Using Coq extracted to Haskell with the Extism Haskell PDK we can create verified algorithms that get converted to Haskell code wrapped into an Extism plugin and compiled to WebAssembly using wasi32-wasi-ghc
. Since Extism has support for 15+ host languages, this formally verified Haskell code can be executed in programs written in languages from Rust to Elixir to PHP!
As a starting point, we can take a look at the C implementation, which keeps a running total and sums up the number of vowels it encounters:
int32_t count_vowels() {
uint64_t count = 0;
uint8_t ch = 0;
uint64_t length = extism_input_length();
for (uint64_t i = 0; i < length; i++) {
ch = extism_input_load_u8(i);
count += (ch == 'A') + (ch == 'a') + (ch == 'E') + (ch == 'e') +
(ch == 'I') + (ch == 'i') + (ch == 'O') + (ch == 'o') +
(ch == 'U') + (ch == 'u');
}
...
Other than counting vowels, this C implementation uses some Extism PDK functions to get the input from the host.
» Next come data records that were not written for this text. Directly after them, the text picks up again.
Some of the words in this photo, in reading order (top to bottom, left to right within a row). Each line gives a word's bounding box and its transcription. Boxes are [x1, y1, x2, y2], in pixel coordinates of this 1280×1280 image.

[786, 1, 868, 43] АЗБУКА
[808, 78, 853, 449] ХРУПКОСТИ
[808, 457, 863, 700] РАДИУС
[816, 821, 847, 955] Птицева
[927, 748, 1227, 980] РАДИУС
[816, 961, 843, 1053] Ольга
This part of our module will be written in Haskell since Coq doesn’t have bindings to the Extism runtime.
The Coq implementation ends up being similar to a recursive version of the C implementation:
Definition is_vowel (b: byte) :=
match b with
| "A" | "a" | "E" | "e" | "I" | "i" | "O" | "o" | "U" | "u" => true
| _ => false
end.
Fixpoint count_vowels (s: string) : nat :=
match s with
| "" => 0
| String x s' =>
if is_vowel (byte_of_ascii x) then count_vowels s' + 1
else count_vowels s'
end.
From here, we can build up some facts about the algorithm, like “when a vowel is added to a string, the count increases by 1”:
Theorem count_vowels_plus_vowel:
forall x c,
is_vowel c = true ->
count_vowels (String (ascii_of_byte c) x) = count_vowels x + 1.
Proof.
intros.
unfold count_vowels.
rewrite byte_of_ascii_of_byte.
rewrite H.
reflexivity.
Qed.
Then extract the Haskell source:
Extraction Language Haskell.
Extraction "src/CountVowels.hs" count_vowels.
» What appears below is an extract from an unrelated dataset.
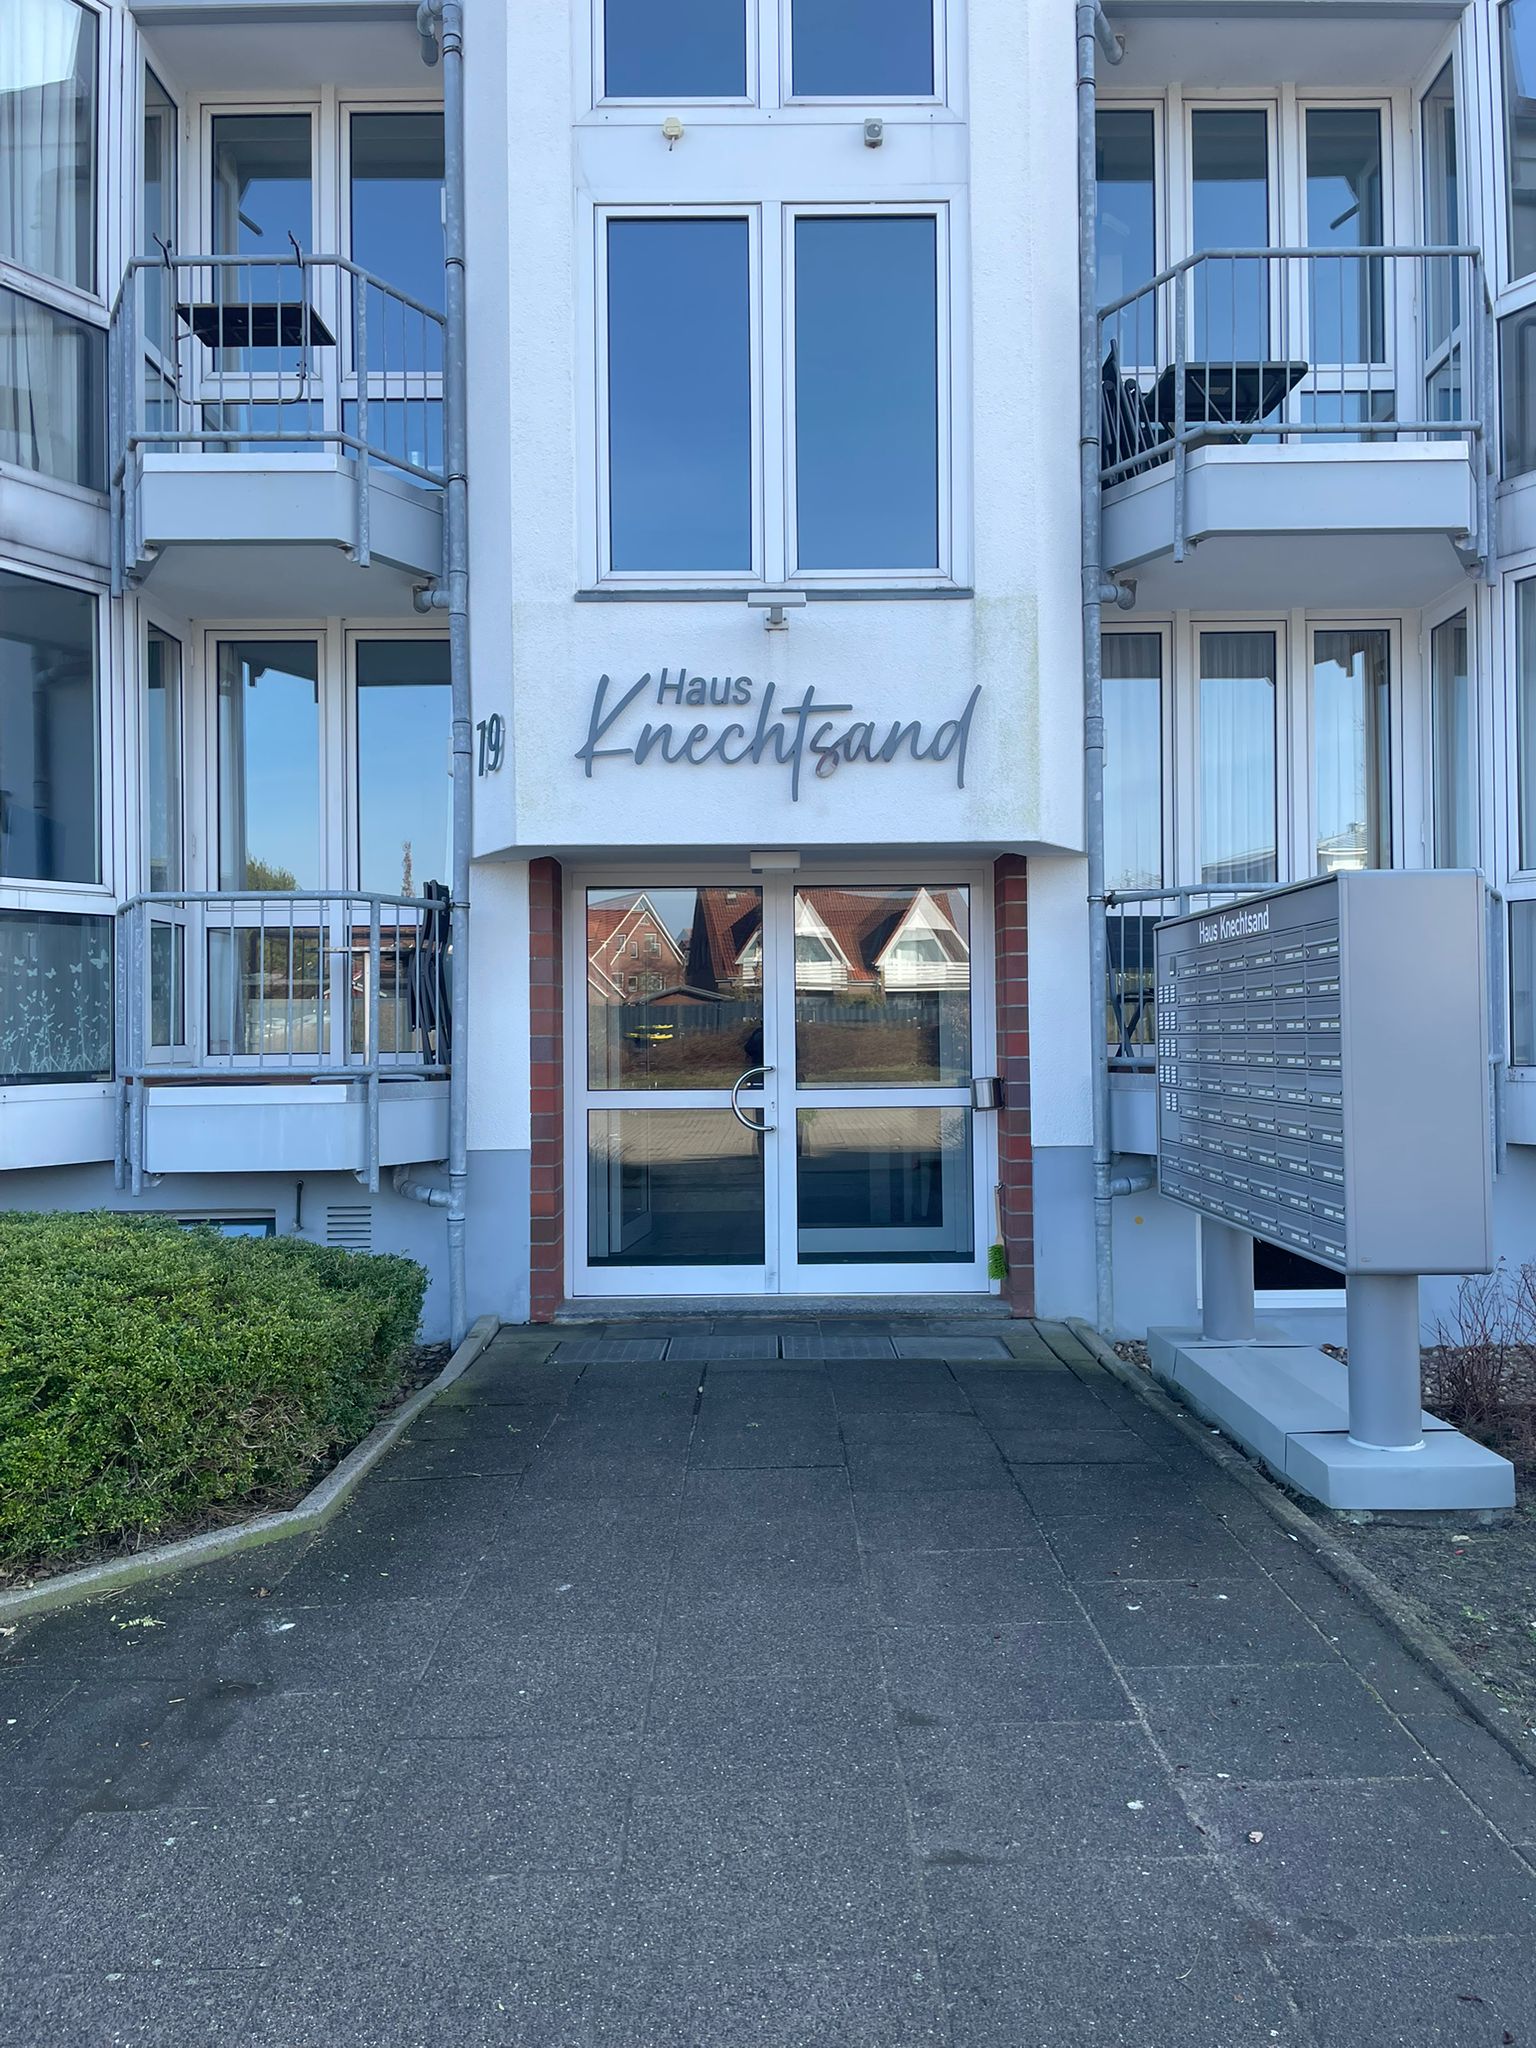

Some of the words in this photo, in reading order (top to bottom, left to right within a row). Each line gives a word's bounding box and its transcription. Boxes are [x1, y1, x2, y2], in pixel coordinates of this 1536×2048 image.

The above proof serves as validation of the generated code too, so whatever we prove in Coq holds true in our Haskell code as well. We have a guarantee that when a new vowel is added, our Haskell function will increase the vowel count by 1. If we introduce a bug into our algorithm that alters the vowel count somehow then we’ll get an error when checking that proof.
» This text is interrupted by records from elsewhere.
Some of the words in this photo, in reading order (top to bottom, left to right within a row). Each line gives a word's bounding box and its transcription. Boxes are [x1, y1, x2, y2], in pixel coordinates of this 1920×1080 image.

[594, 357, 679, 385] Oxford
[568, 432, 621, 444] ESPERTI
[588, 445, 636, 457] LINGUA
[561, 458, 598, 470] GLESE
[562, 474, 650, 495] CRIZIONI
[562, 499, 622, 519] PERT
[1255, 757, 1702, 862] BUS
The extracted Haskell code looks surprisingly idiomatic:
is_vowel :: Prelude.Char -> Prelude.Bool
is_vowel b =
case b of {
'A' -> Prelude.True;
'E' -> Prelude.True;
'I' -> Prelude.True;
'O' -> Prelude.True;
'U' -> Prelude.True;
'a' -> Prelude.True;
'e' -> Prelude.True;
'i' -> Prelude.True;
'o' -> Prelude.True;
'u' -> Prelude.True;
_ -> Prelude.False}
count_vowels :: Prelude.String -> Prelude.Int
count_vowels s =
case s of {
([]) -> 0;
(:) x s' ->
case is_vowel ((\\x -> x) x) of {
Prelude.True -> (Prelude.+) (count_vowels s') (Prelude.succ 0);
Prelude.False -> count_vowels s'}}
Finally, we can wrap that code into a plugin with the same interface as our other implementation:
import CountVowels
import Extism.PDK
import Extism.PDK.JSON
countVowels :: IO ()
countVowels = do
-- Get input string from Extism host
s <- inputString
-- Calculate the number of vowels
let count = count_vowels s
-- Return a JSON object {"count": count} back to the host
outputJSON $ object ["count" .= count]
Once we compile the code, all we have to do is replace the original count-vowels.wasm
with the resulting verified-count-vowels.wasm
, and suddenly we have our formally verified code written in Coq, extracted to Haskell, compiled to Wasm, running in a sandbox, embedded in the legacy application of your choice!
Using this pattern you can do much more than count vowels! Extism gives you the power to start replacing parts of your application with formally verified code today.